Can we really trust the statistics our governments are publishing about the virus? Does Track and Trace compromise our privacy? For the first time Covid-19 gave the UK its first algorithmtic political scandal, as the grades of school leavers unable to sit exam due to lockdown were downgraded by what the Prime minister Boris Johnson described as “ “Mutant algorithm” .
Statistics and numbers are vital in helping us tell stories, and makes sense of them.
Numbers in the right hands have the power to change the world for better. Good statistics are not smoke and mirrors, in fact they helps us to see more clearly. Good statistics are like a telescope for an astronomer, a microscope for a bacteriologist, or an X-ray for a radiologist. Good statistics help us see things about the world around us and about ourselves – both large and small – that we would not be able to see in any other way.
Economist and presenter of the BBC’s radio show “More or Less”, Tim Harford’s “ How to Make the World Add Up”, takes us deep into the world of disinformation and obfuscation, bad research and misplaced motivation to find those priceless jewels of data and analysis that make communicating with number worthwhile.

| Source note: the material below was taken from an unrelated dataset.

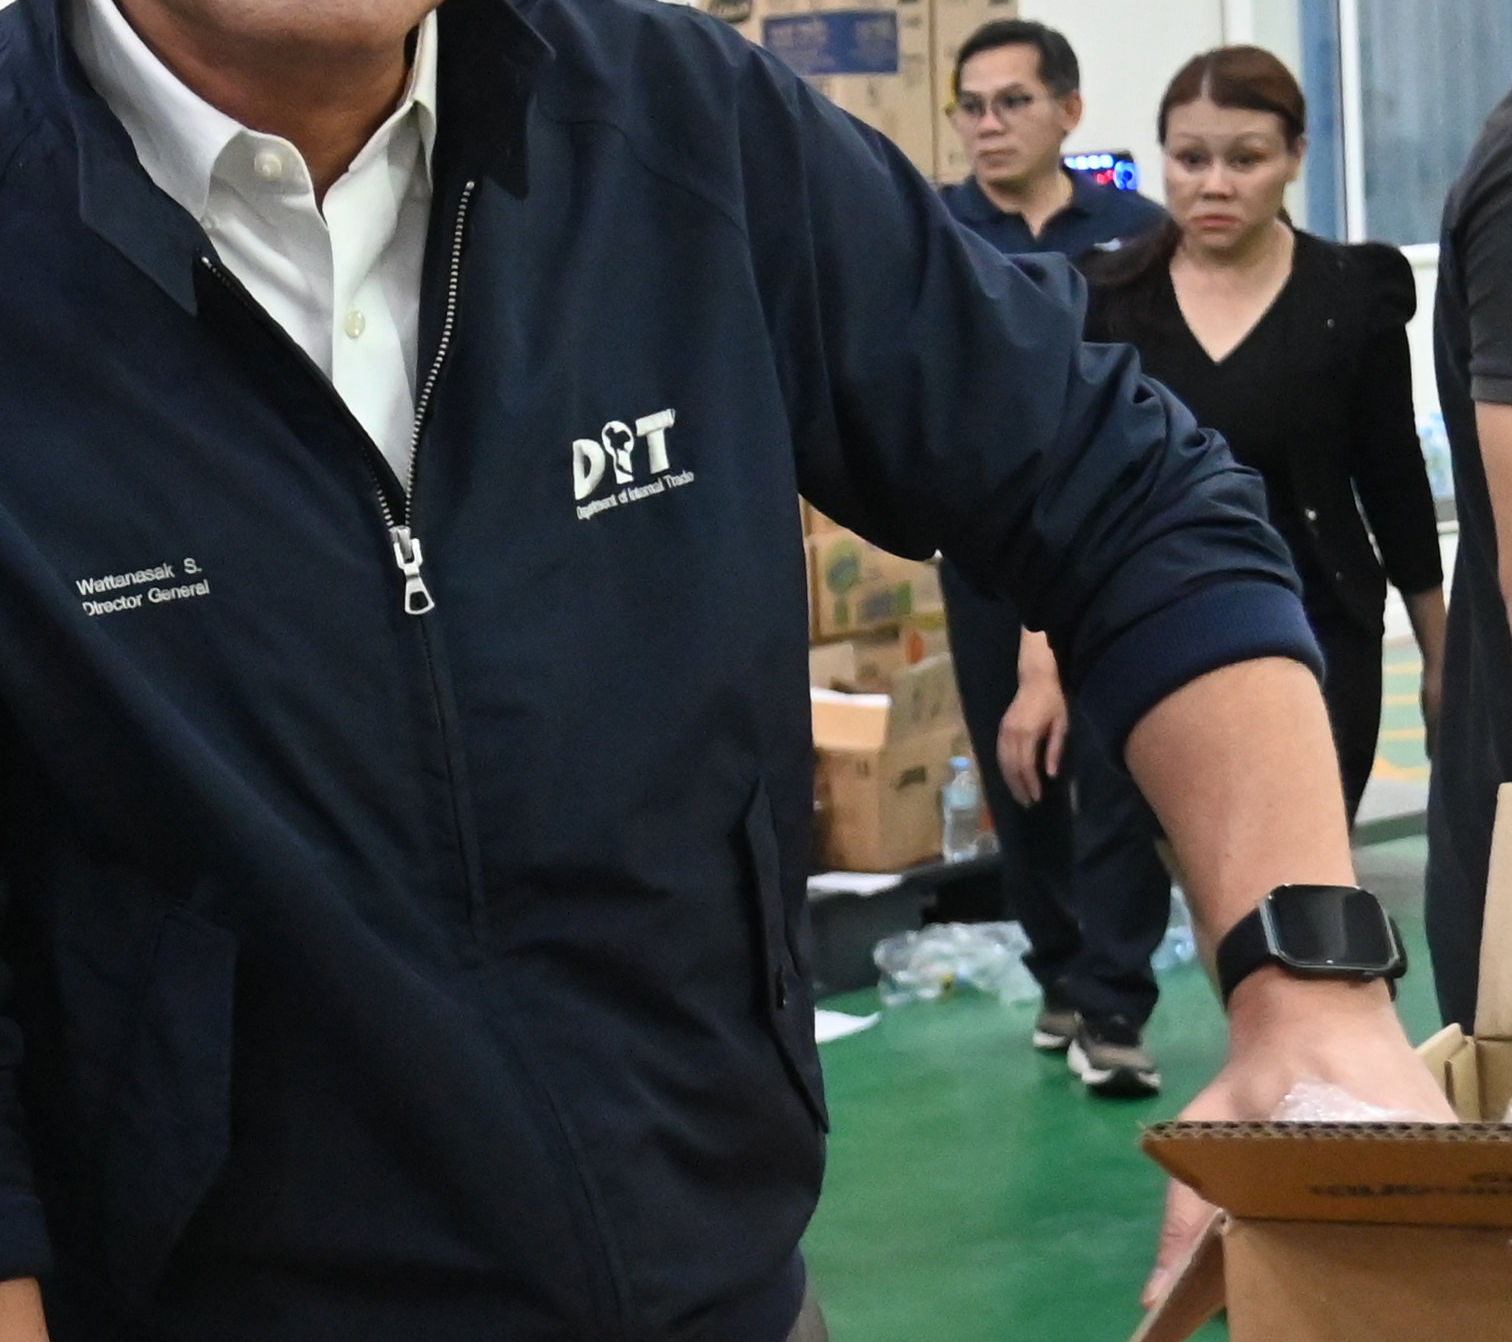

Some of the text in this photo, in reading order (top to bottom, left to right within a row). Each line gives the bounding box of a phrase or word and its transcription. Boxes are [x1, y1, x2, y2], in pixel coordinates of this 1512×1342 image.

[75, 557, 203, 596] Wattanasak S.
[81, 578, 211, 617] Director General

Hartford uses characters like art forger who conned the Nazis, stripper who fell in love with the most powerful Congressman in Washington, John Maunard Keynes, Daniel Kahneman and Florence Nightingale, data detectives.
He reveals how we can evaluate the claims that surround us with confidence, curiosity and healthy level of scepticism.
Using ten simple rules and an additional golden rule for understanding number, the extraordinarily insightful book show how if keep our wit about us, thinking carefully about the way numbers are sourced and presented and how the world adds up.
The 10 rules of how to think effectively about numbers and data in a world where statistics matter more than ever.
Rule 1 is search your feelings because our emotional biases often get in the way of looking sensibly at situations, even if our maths are flawless.
Rule 7 advises us to demand openness when dealing with algorithms, without which their limitations can often be hidden.
Harford points out that responsible statistical practice is about more than keeping the dodgy numbers out. He quotes extracts from a 1954 book with Darrel Huff’s classic How to Lie with Statistics” said to be the best selling statistics book ever, still in print.
For Huff, statistics were a cute trick, useful for politicians and advertisers to pull the wool over people’s eyes.
Hypocrite Huff cashed in on his publishing fame with an inglorious second career as a tobacco lobbyist, turning his cool scepticism into a weapon to try to discredit the well-evidenced case that smoking causes cancer. During a fascinating discussion of the replication crisis in psychological research, a scandal in which many of the findings were found to be the result of random chance, combined with questionable research design.
According to Harford the right statistics can be a force for good and we should delight in their usefulness.
In Orson ~Welles’s words “ once people are interested , they can understand anything in the world”.
We tend to think of statistics as a practical subject, helping us analyse problems, from how to identify the effectiveness of vaccines to how to contain viral outbreaks. Harford’s book definitely highlights the conceptual importance of statistics by offering us a way of thinking seriously about uncertainty, training ourselves not to be deceived.
How to Make the World Add Up: Ten Rules for Thinking Differently About Numbers by Tim Harford, the ~bridge Street Press, £20, 352 pages.